Video2LoRA: 面向视觉语言模型的参数化视频内化
Video2LoRA: Parametric Video Internalization for Vision-Language Models
June 3, 2026
作者: Manan Suri, Sarvesh Baskar, Dinesh Manocha
cs.AI
摘要
在视觉-语言模型中处理视频成本高昂:每一帧占用数百个令牌,推理成本随每一帧和每次重复查询而增加。我们提出Video2LoRA,一种用于参数化视频内化的方法。感知器超网络在冻结的视觉-语言模型编码视频时,逐层读取其生成的中间表示,并在单次前向传播中生成低秩适配器。与需要迭代梯度更新的标准LoRA微调不同,Video2LoRA直接从视频预测这些权重。该模型针对SmolVLM2 500M和2.2B参数版本进行视频摘要和字幕生成训练后,使得相同的冻结视觉-语言模型能够仅凭适配器回答查询,在查询时上下文中包含零个视觉令牌。在所有五个字幕生成基准测试中,Video2LoRA在两个模型规模上均与直接视频上下文推理在统计上非劣效且等价;在八个视频问答基准测试-模型规模配对中的七个上也是如此。尽管仅基于12帧、分辨率为384像素进行训练,Video2LoRA在多达1024帧和1024像素分辨率下仍保持稳定,而直接视频上下文推理在此条件下往往退化。通过这一扫描实验,它将回答时的视觉令牌负载最多减少1500倍,查询首令牌延迟减少6-80倍,同时保持视频忠实输出。我们还发现,针对非重叠视频片段独立生成的适配器可以在秩空间中组合,这为分块长视频内化开辟了路径。
English
Processing video in vision-language models is expensive: each frame occupies hundreds of tokens, and inference cost scales with every frame and every repeated query. We introduce Video2LoRA, a method for parametric video internalization. A perceiver hypernetwork reads the intermediate representations produced layer-by-layer as a frozen VLM encodes a video, and generates a Low-Rank Adaptation (LoRA) adapter in a single forward pass. Unlike standard LoRA fine-tuning, which requires iterative gradient updates, Video2LoRA predicts these weights directly from the video. Trained for SmolVLM2 500M and 2.2B on video summarization and captioning, Video2LoRA enables the same frozen VLM to answer queries from the adapter alone, with zero visual tokens in its context at query time.
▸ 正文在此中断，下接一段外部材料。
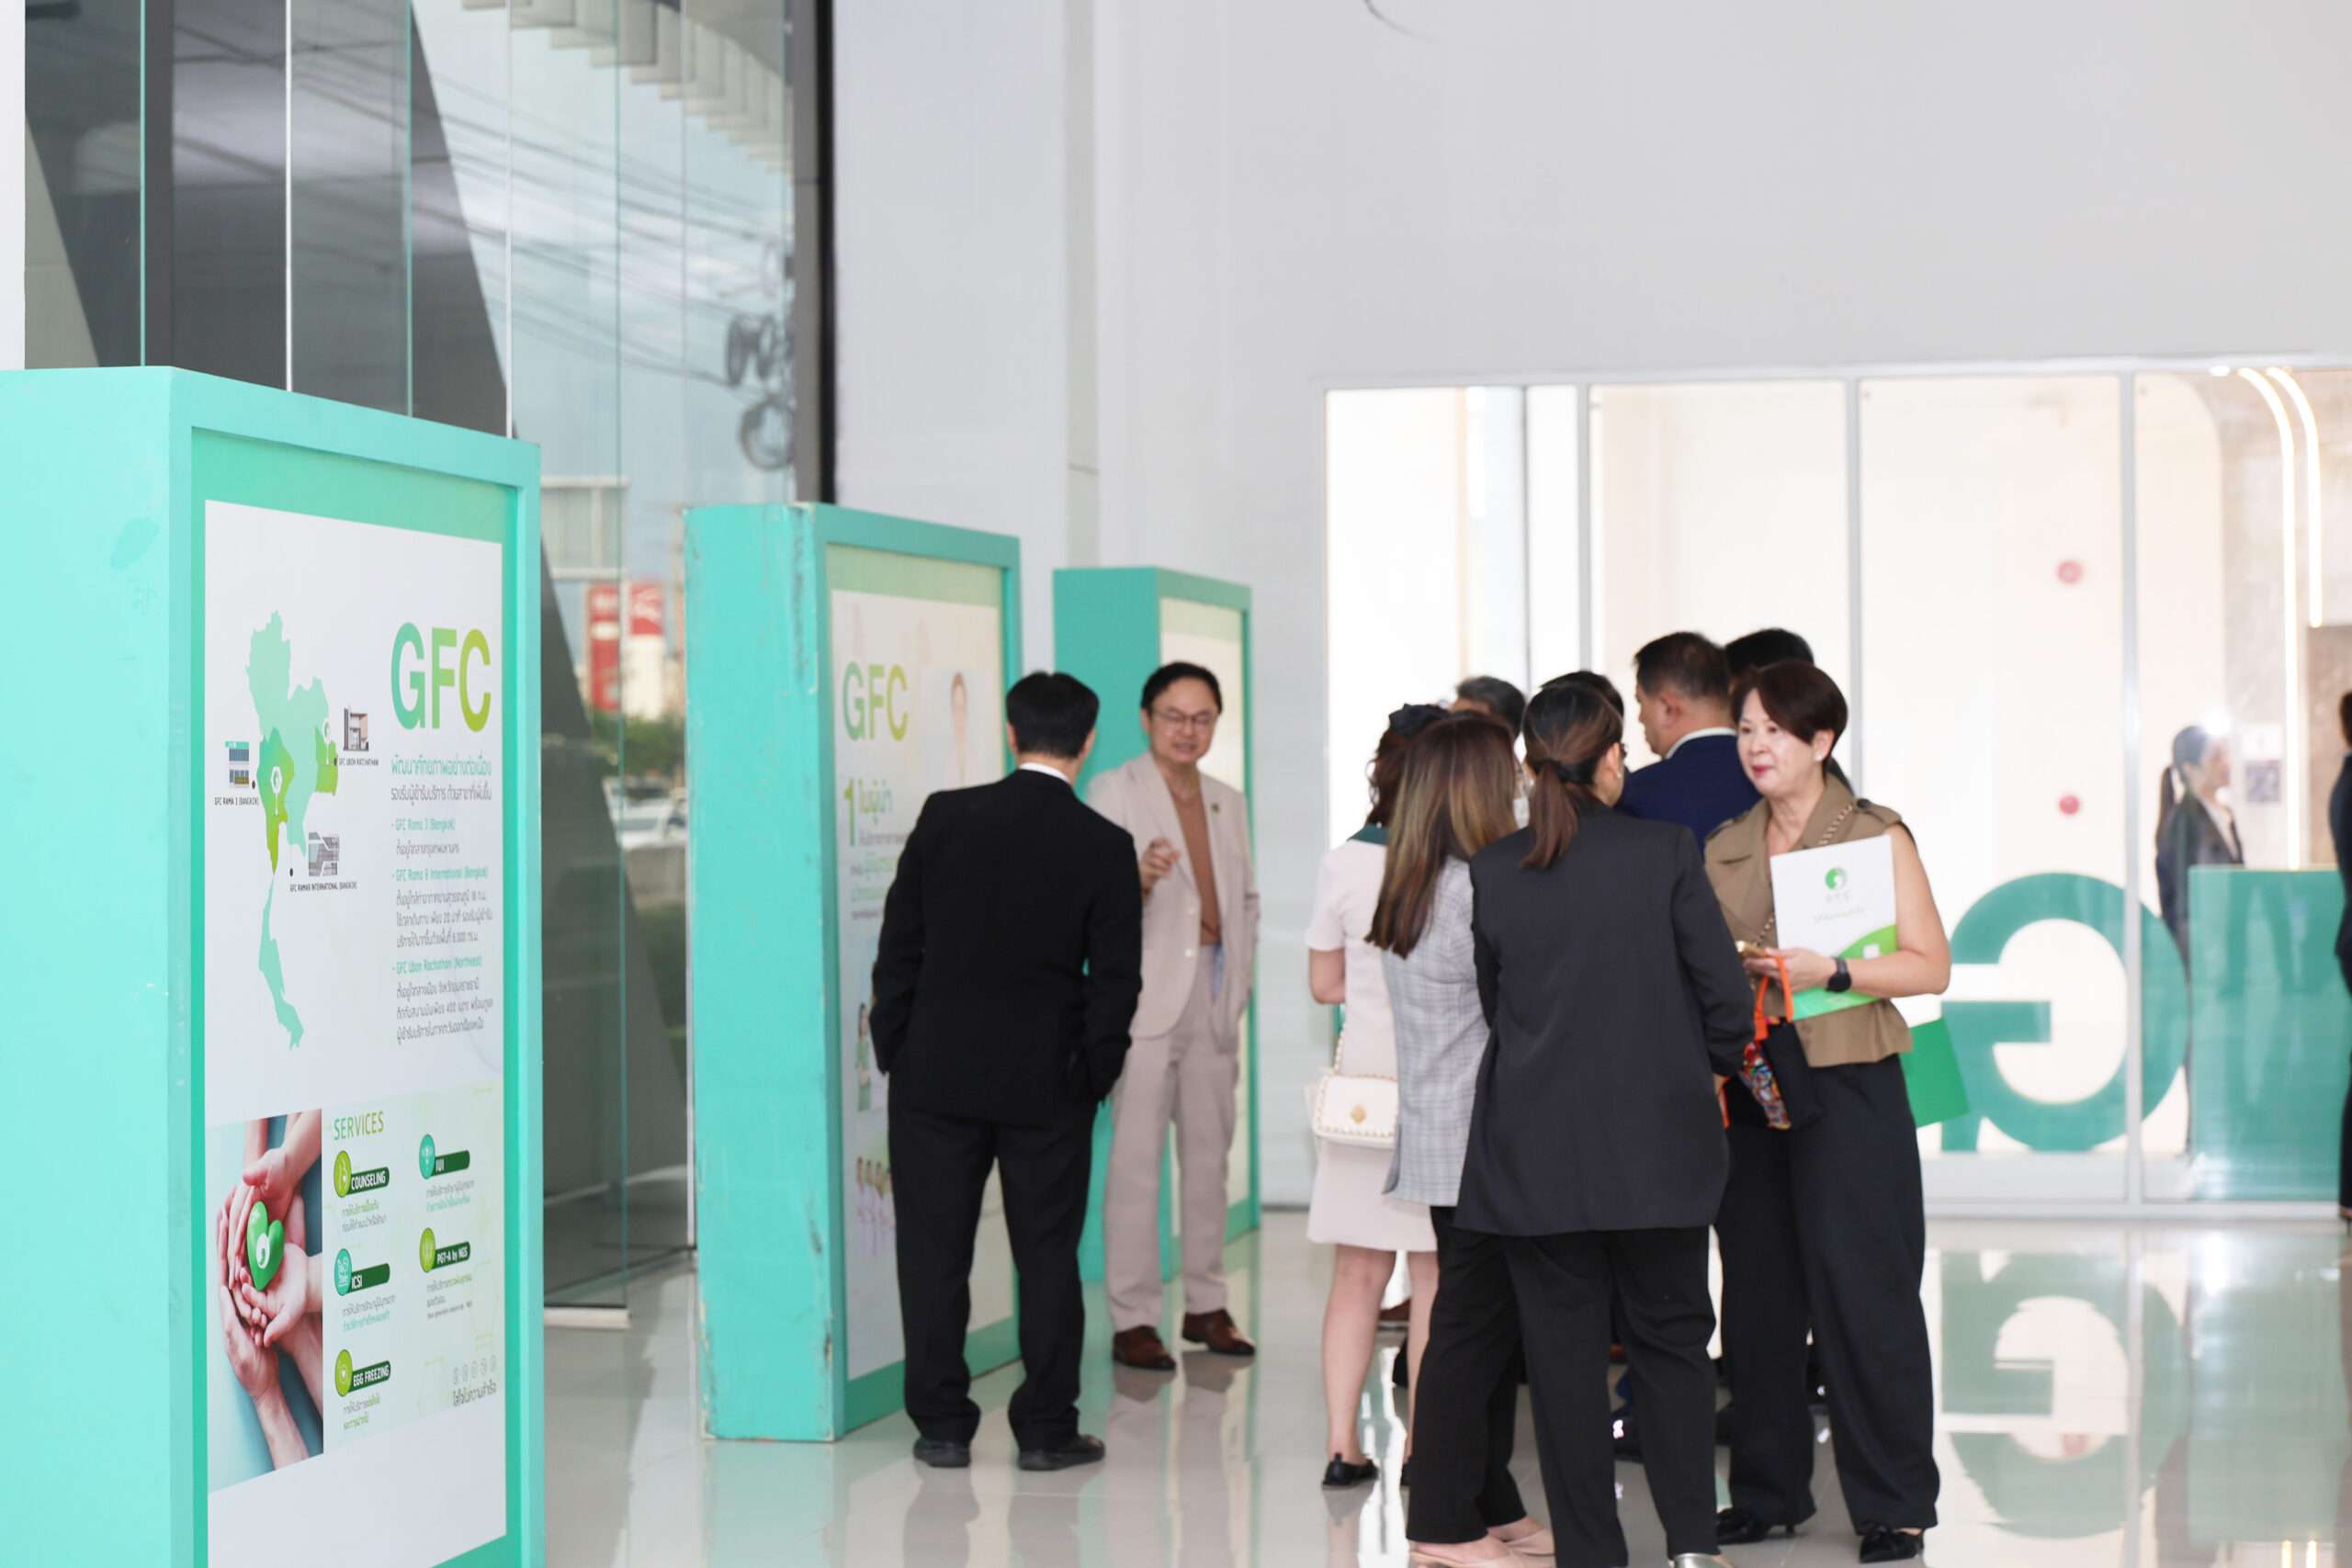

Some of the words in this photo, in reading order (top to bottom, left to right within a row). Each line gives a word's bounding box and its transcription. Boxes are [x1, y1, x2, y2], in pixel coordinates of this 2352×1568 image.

Video2LoRA is statistically non-inferior and equivalent to direct video-in-context inference across all five captioning benchmarks at both model scales, and across seven of eight video question answering benchmark-scale pairings. Although trained only on 12 frames at 384px, it remains stable up to 1,024 frames and 1024px, where direct video-in-context inference often degenerates. Across this sweep, it reduces answer-time visual-token load by up to 1,500x and query TTFT by 6-80x, while preserving video-faithful outputs. We also find that independently generated adapters for non-overlapping video segments can compose in rank space, suggesting a path toward chunked long-video internalization.